I went over to B's house on foot, helped him untack Rocky and washed him. I felt so terrible because Chorro had created this whole mess, although it is true that Rocky was free because he spooked big with our friend E, who is battling cancer and didn't want to take a chance with a horse that might spook. Rocky had not spooked big since B got him. Chorro has always spooked big, but he has gotten so much better in the last 5 years. But, yeah, only last year Chorro dumped me by spooking when a lost hunting dog came trotting over a hill. It still happens.

So . . . my new riders, just learning. I don't know what to do. I am so sad. And I am so sad and disappointed that Chorro was so awful. It's been a long while since Chorro has been so awful. He's usually wonderful.

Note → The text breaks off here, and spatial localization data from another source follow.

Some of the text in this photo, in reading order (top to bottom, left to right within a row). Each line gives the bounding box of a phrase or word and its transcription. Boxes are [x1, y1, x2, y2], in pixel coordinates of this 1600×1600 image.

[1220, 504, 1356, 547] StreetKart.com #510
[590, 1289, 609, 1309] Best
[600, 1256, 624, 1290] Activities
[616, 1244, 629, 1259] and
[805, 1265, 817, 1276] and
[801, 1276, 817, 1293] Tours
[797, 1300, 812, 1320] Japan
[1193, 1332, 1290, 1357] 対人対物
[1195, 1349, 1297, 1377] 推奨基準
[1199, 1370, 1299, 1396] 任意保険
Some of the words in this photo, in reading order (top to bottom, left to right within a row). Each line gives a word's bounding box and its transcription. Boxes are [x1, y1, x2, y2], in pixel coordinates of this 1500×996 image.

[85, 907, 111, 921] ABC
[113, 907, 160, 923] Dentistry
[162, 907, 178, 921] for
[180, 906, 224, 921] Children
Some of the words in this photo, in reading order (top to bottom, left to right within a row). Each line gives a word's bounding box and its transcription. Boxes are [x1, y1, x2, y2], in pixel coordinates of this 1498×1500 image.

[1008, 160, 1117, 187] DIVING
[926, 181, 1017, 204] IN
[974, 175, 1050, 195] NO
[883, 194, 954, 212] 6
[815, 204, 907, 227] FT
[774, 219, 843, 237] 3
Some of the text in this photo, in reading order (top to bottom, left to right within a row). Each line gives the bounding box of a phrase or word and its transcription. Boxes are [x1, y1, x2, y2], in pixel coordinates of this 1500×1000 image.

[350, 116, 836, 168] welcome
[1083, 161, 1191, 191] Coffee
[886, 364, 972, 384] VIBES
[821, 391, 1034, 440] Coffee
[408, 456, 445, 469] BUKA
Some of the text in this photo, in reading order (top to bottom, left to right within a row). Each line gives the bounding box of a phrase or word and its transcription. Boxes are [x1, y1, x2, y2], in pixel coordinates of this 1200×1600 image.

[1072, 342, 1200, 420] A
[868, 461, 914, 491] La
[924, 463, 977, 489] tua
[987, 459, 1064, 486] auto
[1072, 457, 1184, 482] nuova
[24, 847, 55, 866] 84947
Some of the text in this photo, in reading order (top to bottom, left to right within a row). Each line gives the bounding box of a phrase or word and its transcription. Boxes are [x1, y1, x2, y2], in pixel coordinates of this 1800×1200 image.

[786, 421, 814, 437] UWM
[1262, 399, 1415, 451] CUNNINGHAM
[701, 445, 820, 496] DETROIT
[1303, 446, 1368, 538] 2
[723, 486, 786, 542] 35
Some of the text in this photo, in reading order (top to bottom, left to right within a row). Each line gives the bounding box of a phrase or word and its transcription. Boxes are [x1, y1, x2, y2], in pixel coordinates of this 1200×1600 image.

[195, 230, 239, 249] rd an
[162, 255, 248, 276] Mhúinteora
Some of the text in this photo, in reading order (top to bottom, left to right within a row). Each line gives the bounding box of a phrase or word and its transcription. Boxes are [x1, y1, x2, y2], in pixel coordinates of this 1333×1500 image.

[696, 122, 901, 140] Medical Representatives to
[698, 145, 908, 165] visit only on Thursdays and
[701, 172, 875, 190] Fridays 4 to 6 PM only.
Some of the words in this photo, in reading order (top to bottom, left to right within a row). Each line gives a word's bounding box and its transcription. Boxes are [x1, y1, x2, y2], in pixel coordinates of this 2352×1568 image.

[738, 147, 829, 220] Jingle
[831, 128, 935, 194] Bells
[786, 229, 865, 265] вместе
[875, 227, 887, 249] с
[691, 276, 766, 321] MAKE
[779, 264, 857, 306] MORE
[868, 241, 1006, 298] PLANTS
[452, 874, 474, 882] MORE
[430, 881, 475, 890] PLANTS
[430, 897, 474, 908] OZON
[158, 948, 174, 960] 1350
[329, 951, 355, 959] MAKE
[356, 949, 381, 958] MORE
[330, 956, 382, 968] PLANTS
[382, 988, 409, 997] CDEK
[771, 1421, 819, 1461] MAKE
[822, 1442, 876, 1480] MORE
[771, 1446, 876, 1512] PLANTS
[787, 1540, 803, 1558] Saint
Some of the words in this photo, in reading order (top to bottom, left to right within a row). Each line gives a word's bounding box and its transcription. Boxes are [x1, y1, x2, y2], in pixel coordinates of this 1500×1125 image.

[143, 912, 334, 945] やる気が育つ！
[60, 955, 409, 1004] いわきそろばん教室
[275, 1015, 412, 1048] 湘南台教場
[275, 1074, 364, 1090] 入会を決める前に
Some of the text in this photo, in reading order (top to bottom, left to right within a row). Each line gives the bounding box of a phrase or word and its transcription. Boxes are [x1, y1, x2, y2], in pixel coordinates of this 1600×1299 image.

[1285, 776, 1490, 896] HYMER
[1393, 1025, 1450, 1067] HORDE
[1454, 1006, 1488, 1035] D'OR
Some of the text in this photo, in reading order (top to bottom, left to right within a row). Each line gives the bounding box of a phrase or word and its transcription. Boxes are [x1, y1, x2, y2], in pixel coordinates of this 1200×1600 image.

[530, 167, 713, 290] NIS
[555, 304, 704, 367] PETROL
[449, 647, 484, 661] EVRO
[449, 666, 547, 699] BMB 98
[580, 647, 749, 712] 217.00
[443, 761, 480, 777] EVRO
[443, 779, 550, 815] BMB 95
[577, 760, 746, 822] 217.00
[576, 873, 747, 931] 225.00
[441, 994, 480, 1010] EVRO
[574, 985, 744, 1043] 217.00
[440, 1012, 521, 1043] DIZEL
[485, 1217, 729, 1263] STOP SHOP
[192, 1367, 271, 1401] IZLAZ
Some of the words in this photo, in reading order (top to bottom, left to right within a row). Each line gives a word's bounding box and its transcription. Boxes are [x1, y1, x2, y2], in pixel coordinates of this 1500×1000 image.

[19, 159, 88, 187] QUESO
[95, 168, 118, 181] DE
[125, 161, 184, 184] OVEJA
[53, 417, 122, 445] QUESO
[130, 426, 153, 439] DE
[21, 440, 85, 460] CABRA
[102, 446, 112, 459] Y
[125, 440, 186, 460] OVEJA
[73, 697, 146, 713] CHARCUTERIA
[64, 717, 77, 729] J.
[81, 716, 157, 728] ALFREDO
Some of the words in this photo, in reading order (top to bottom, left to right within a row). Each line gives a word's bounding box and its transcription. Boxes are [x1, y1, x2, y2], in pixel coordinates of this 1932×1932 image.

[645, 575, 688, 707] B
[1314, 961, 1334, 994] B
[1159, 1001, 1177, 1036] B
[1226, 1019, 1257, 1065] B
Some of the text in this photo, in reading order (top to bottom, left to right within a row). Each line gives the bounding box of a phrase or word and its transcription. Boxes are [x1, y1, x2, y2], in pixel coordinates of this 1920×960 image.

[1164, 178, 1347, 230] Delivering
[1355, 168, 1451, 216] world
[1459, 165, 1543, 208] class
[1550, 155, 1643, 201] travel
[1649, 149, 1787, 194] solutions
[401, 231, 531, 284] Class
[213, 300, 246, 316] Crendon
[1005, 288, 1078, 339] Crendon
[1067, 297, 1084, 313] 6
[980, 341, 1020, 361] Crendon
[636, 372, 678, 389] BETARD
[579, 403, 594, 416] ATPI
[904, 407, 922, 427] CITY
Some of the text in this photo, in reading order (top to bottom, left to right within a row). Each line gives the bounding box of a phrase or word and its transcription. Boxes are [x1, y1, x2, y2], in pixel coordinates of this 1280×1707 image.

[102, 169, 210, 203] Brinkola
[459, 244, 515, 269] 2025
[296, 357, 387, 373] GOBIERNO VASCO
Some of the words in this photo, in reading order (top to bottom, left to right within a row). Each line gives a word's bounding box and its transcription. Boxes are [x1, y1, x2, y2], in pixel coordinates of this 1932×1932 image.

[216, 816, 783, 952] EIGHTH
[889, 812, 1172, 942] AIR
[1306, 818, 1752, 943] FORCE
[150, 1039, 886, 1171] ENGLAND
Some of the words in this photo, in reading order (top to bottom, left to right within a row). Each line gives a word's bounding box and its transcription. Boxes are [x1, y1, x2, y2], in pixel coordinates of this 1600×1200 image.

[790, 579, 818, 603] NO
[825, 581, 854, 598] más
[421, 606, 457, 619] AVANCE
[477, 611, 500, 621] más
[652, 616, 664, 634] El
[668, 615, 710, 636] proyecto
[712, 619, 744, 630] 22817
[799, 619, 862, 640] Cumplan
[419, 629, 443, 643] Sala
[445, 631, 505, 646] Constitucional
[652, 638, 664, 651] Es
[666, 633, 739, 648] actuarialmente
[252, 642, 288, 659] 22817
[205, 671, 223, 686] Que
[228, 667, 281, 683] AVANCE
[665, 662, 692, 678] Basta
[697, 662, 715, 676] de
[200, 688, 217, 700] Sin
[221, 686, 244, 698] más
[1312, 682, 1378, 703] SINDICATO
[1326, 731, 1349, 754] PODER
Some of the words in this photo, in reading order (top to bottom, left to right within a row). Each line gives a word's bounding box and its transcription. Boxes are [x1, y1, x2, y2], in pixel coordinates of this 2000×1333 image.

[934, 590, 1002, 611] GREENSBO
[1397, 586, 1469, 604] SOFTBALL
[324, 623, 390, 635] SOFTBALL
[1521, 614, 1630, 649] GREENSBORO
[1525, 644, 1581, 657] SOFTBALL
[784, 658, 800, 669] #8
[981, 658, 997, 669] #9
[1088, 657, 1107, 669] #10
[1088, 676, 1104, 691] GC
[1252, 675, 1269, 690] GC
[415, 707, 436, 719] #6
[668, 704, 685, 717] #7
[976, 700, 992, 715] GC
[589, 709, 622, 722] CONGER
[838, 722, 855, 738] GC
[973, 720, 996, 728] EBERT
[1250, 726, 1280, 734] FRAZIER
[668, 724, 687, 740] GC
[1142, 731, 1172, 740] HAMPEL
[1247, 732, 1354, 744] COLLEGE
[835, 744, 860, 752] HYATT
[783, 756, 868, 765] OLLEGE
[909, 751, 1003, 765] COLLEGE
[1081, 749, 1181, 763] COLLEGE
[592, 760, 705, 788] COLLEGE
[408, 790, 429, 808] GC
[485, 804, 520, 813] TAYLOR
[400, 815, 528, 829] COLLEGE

So B is home, a little sore, but OK. I never did come off, and I am fine, just sad.


----------



## knightrider

Skip, that is very impressive! You are so beautiful and brave. Did the sparks from the fireworks hit you? I think you are amazing to do those things. I like reading about your adventures. Thanks for telling me about it.


----------



## Knave

Wow. That is scary and sad and I am so sorry. None of the horses had a thing to say about any of that for now, so I decided to do the human side.

I am sorry. You were brave and managed a very difficult situation. Sometimes when a horse goes that far, it is just a “live through” type moment, and you did, and B did. I am glad he wasn’t worse for wear than he was.

I think that Bones could put one of us in that situation, because when he comes unglued he doesn’t really come back. I don’t blame him; it’s just his neurological issues at play, but it is scary. Cash may get so mad that he would feel really scary for a time, but I think he would come back eventually. His size adds dimension to his scary. I don’t think, in your situation, that anyone could have done any better.

I don’t think you should feel guilty over using him with your beginners, it has worked, but maybe I would be like you and agree that maybe it isn’t a good plan anymore. I don’t think Chorro created the whole mess, and I don’t think you need to feel guilty over that. Rocky obviously is capable of what he did. If I were riding next to Chorro on any of my horses, I don’t believe they would have just gone along. Queen is young, and I expect that from her, but she has proven me differently every time someone has had a problem with their horse.

If I were to have a problem with my horse because your horse spooked, I will still consider it my problem. Of course, in the moment we feel the stressor is the issue, but when it is over we know it was in fact our problem. You said B has a lot of experience. I am sure he is not blaming you. You should not blame you.

In any case, I am very sorry all of that happened and that you are sad.


----------



## SueC

I wrote my own response to that here and can't cut-and-paste it as on the iPad just now! 

Don Q sends his regards. He says it's freezing cold and that he thinks it's unfair he has to wear a grazing muzzle much of the time. But I would hate to see him get fatter or get laminitis etc so a muzzle it is. And nighttime yarding with nice wheaten straw for the lot of the long-ears a lot of the time just now.


----------



## knightrider

Don Quijote, I just saw a picture of the three of you donkeys and Sparkle's ears are longer than yours! I am shocked. I hope you are healthy and well in spite of not having the longest ears. "Hi, Sparkle! Love your ears!"


----------



## SueC

Dear Isabeau

I asked my monkey about that because I have no mirror nor a measuring tape or the means to use one. Could she have lulled me into a false sense of security? She said something about parallax error and how you can make things look shorter by placing them at an angle to your vertical viewing plane. Whatever that means. She also said that proportionally, Sparkle does have longer ears. What is proportionally?

Now I am worried.

Did I mention the monkey put a hot wire up around the stash of delicious round bales that arrived a fortnight ago and I have been dreaming about? Monkeys...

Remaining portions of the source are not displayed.